No Change in Climate Change




Nor are things going well in the climate change department, also an urgent priority. The obvious policy change would be to impose a carbon tax, but again, any new tax would be unpopular. The U.S. government just effectively rejected any serious action against carbon emissions. In his NY Times column, economist Paul Krugman explains why,




"So it was not the science, the scientists, or the economics that killed action on climate change. What was it? The answer is, the usual suspects: greed and cowardice. If you want to understand opposition to climate action, follow the money. The economy as a whole would not be significantly hurt if we put a price on carbon, but certain industries above all, the coal and oil industries would. And those industries have mounted a huge disinformation campaign to protect their bottom lines."
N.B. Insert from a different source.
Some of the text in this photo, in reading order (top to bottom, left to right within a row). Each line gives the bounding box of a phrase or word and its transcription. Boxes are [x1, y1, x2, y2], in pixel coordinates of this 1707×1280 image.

"Look at the scientists who question the consensus on climate change; look at the organizations pushing fake scandals; look at the think tanks claiming that any effort to limit emissions would cripple the economy. Again and again, you will find that they are on the receiving end of a pipeline of funding that starts with big energy companies, like Exxon Mobil, which has spent tens of millions of dollars promoting climate-change denial, or Koch Industries, which has been sponsoring anti-environmental organizations for two decades. Or look at the politicians who have been most vociferously opposed to climate action. Where do they get much of their campaign money? You already know the answer. (http://www.nytimes.com/2010/07/26/opinion/26krugman.html?_r=2&th&emc=th)
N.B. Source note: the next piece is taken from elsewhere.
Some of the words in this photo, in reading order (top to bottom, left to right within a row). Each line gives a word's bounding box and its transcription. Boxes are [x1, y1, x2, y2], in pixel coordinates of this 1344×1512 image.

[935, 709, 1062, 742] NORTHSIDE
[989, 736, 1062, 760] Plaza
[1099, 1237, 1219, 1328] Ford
Krugman rightly points out what the real cause of this dithering is: attachment to ideology. Even when it becomes self-contradictory to the point of absurdity, the rich cling to their shibboleths,




"It has always been funny, in a gallows humor sort of way, to watch conservatives who laud the limitless power and flexibility of markets turn around and insist that the economy would collapse if we were to put a price on carbon. All serious estimates suggest that we could phase in limits on greenhouse gas emissions with at most a small impact on the economy's growth rate."




This is why I think that the next Einstein will not be a physicist but an accountant or game designer. Not even an economist, but a genius with numbers who can make the numbers vivid using charts, displays and incentives.
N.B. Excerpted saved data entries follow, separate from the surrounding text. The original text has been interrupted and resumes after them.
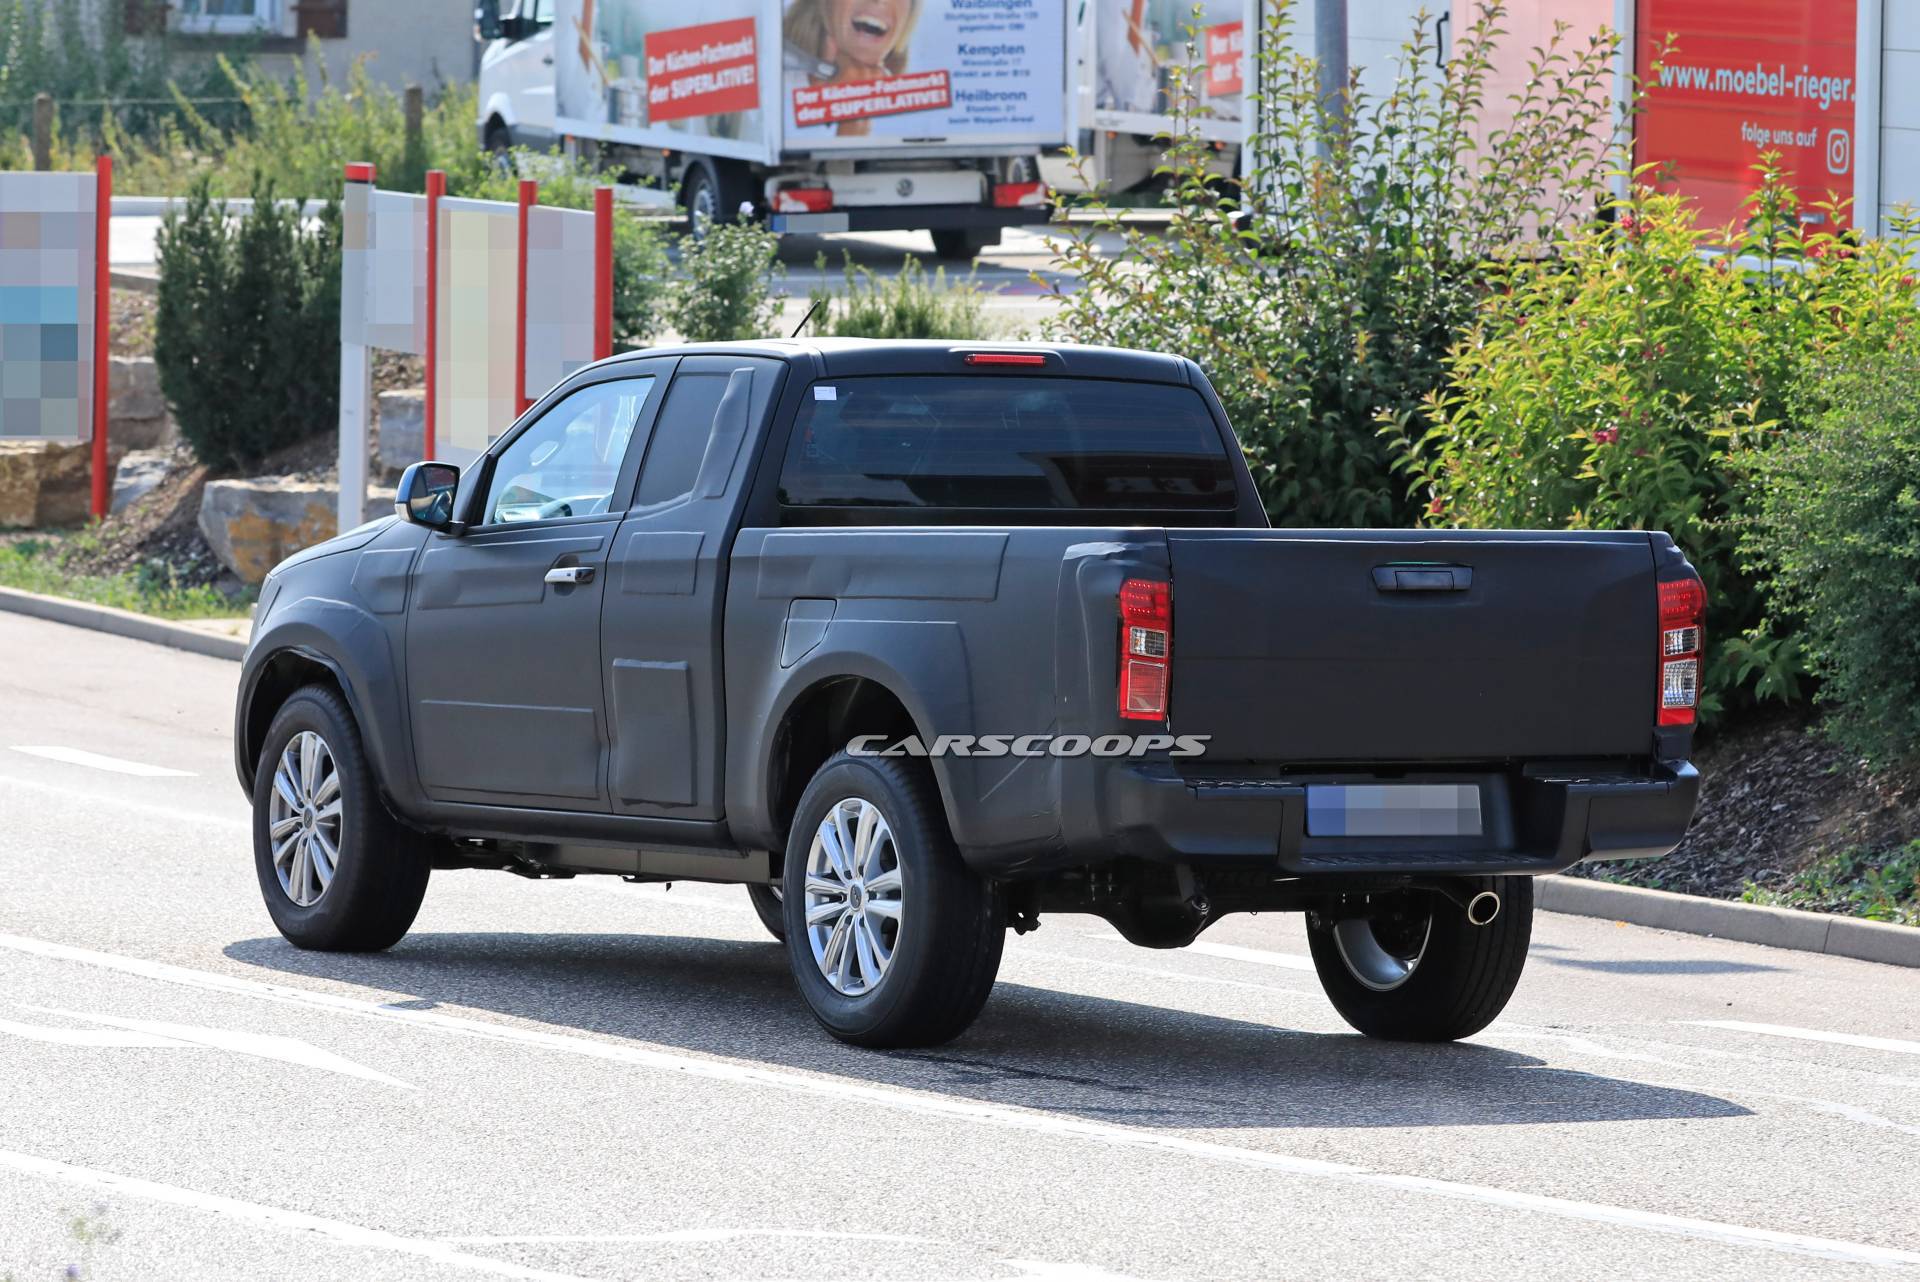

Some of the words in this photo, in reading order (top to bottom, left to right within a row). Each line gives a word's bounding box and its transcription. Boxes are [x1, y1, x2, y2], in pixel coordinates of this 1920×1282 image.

[957, 43, 1026, 57] Kempten
[1659, 62, 1855, 110] www.moebel-rieger.
[795, 90, 819, 105] Der
[955, 89, 1027, 102] Heilbronn
[798, 106, 826, 121] der
[1741, 121, 1770, 148] folge
[1773, 128, 1793, 145] uns
[1796, 127, 1818, 147] auf
A Local Farming Initiative




I recently bought a "share" in a cooperative farming effort called "Shared Harvests," pushed largely by a local farmer and a local physician, Reza Kazemi (an Iranian Muslim). It costs twenty five bucks to get a basket full of produce every week. I blanched at the price of what I was getting, but Reza pointed out that the group is called, "Triple Bottom Line for Sustainability Inc.," -- you have to write it all out on every check -- because as consumers we have to be aware when we are paying for something that the money should go to those who produce it, that there are three bottom lines, "financial, environmental and social responsibility and sustainability." I still blanched at what I was getting for what I had paid, but my responsibility self-image rose a little.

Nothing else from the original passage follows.